Introduction to the network I/O multiplexing model select & amp; poll & amp; epoll

Source: Internet
Author: User

Introduction to the network I/O multiplexing model select & poll & epoll

First, we need to know that select, poll, and epoll are IO multiplexing mechanisms. I/O multiplexing uses a mechanism to monitor multiple descriptors. Once a descriptor is ready (generally read or write), it can notify the program to perform corresponding read/write operations.
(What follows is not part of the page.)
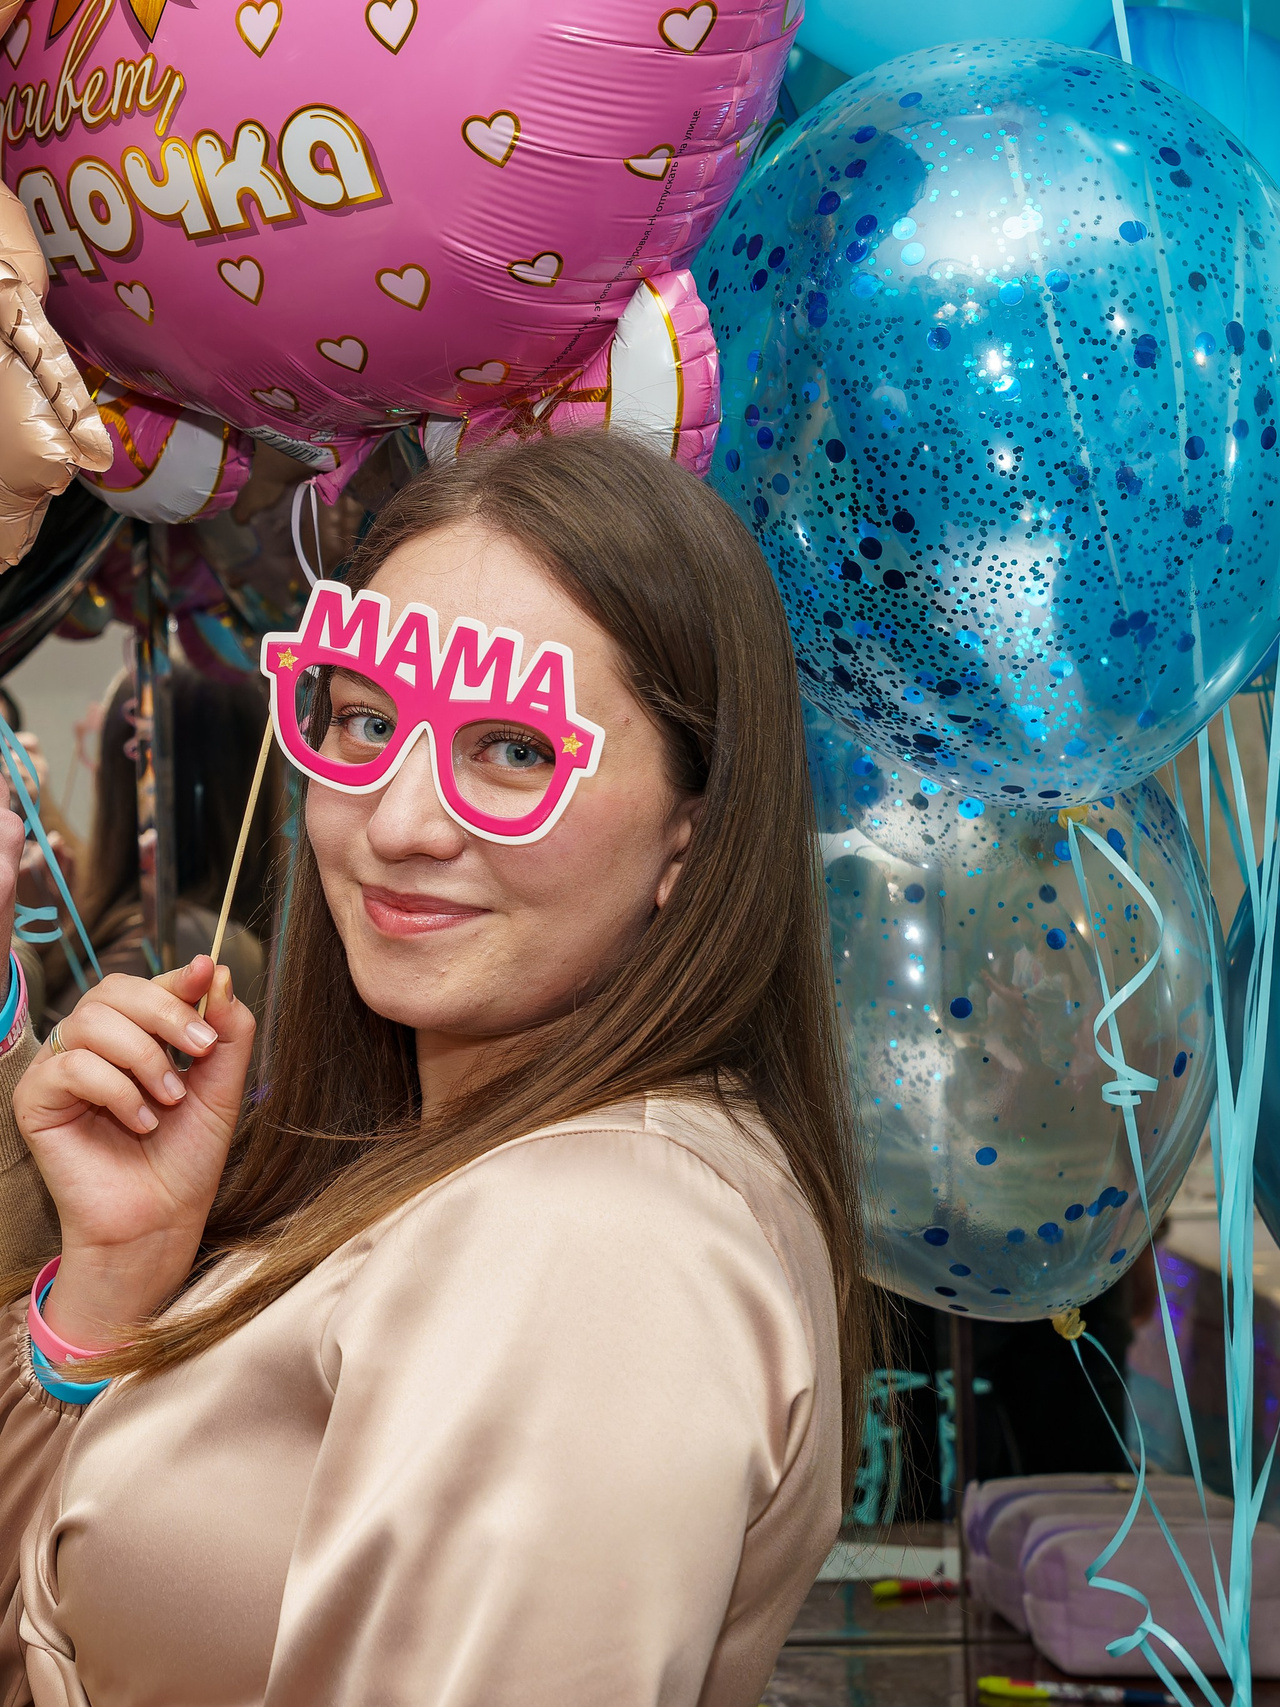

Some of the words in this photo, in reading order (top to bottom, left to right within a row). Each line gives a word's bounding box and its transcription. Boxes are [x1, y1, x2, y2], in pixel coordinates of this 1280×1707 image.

[655, 160, 679, 213] отпускать
[683, 107, 702, 141] улице.
[299, 588, 568, 720] МАМА
However, select, poll, and epoll are essentially synchronous I/O, because they all need to read and write after the Read and Write events are ready, that is, the read and write process is blocked.

Basic usage of select: http://blog.csdn.net/nk_test/article/details/49256129

Basic usage of poll: http://blog.csdn.net/nk_test/article/details/49283325

Epoll basic usage: http://blog.csdn.net/nk_test/article/details/49331717

Next we will discuss how to correctly use non-blocking I/O Multiplexing + poll/epoll.

Let's talk about several common problems:

1. Generation and processing of SIGPIPE Signals

 

If the client uses close to close the socket, and the server calls a write operation, the server receives an RST segment (TCP Transport Layer). If the server calls write again, at this time, the SIGPIPE signal will be generated. If this signal is not ignored, the program will be exited by default, which obviously does not meet the high availability of the server. It can be ignored directly in the program, such as signal (SIGPIPE, SIG_IGN ).

2. Influence of TIME_WAIT status on the server

Avoid TIME_WAIT status on the server as much as possible. If the server actively disconnects (call close before the client), the server enters the TIME_WAIT status, and the kernel holds some resources, greatly reducing the server's concurrency. Solution: the protocol design should allow the client to actively disconnect, so that the TIME_WAIT status can be dispersed to a large number of clients. If the client is inactive, some malicious clients continuously initiate connections, which will occupy the connection resources of the server. Therefore, the server should also have the opportunity to kill inactive connections.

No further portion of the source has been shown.